We could really do with a movement away from tech company owned subscription services which make vast profits for them at the expense of the artist and the quality of the product.

Unfortunately, dominance of music sales by a monopoly of tech companies and streaming sites is exactly where this is all heading... For people starting out in music now I think it's actually both realistic and liberating to assume that you will not make a living out of this - and you can then concentrate on the creative aspects for their own sake.
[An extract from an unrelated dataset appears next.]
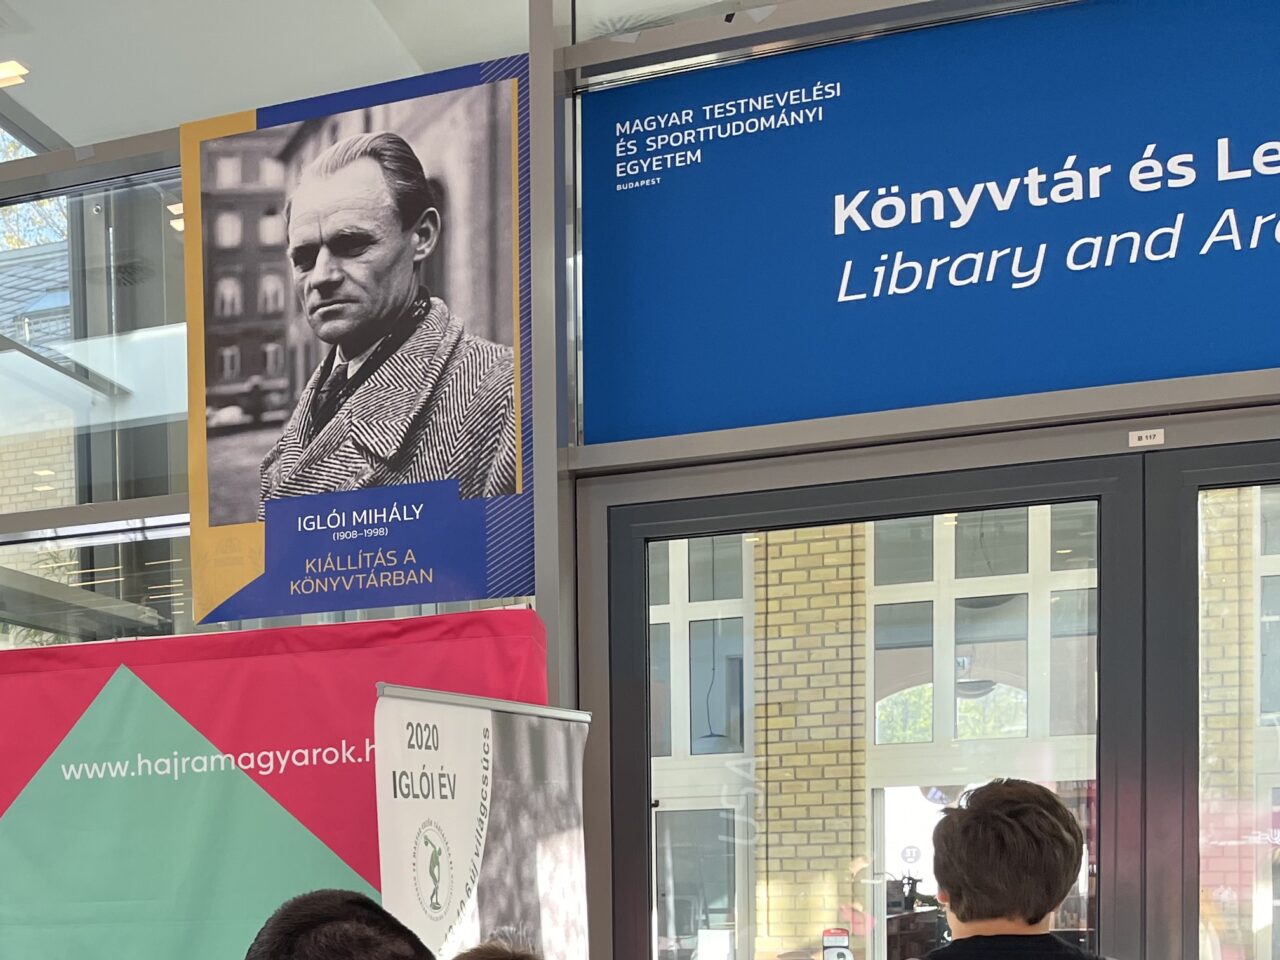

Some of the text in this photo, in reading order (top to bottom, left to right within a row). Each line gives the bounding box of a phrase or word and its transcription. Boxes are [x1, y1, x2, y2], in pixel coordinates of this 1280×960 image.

Of course, that assumes you have a proper source of income from something else and still have enough free time & spare cash to make your music production hobby feasible.
 
Trying to actually "make it" just doesn't seem worthwhile: I've seen some videos of a guy in Germany called Jon Sine who's done 200+ daily YouTube vlogs of his day-to-day life as a music producer and it all looks pretty crazy to me: long solitary hours in his studio or in front of his laptop answering e-mails, editing his videos until early hours of the morning, eating junk food, getting little sleep, dealing with a crazy work schedule - all for the sake of "promoting" himself... He's now built up a subscriber base of several thousand, yet he talks a lot about songs he's working on getting cancelled or e.g. an ad production deal falling through. He never smiles and it doesn't look like he's having a lot of fun "making music" (composing his stuff according to strict formulas, I might add)... He isn't even 30 yet, but he's a candidate for a heart attack one day soon - if you ask me.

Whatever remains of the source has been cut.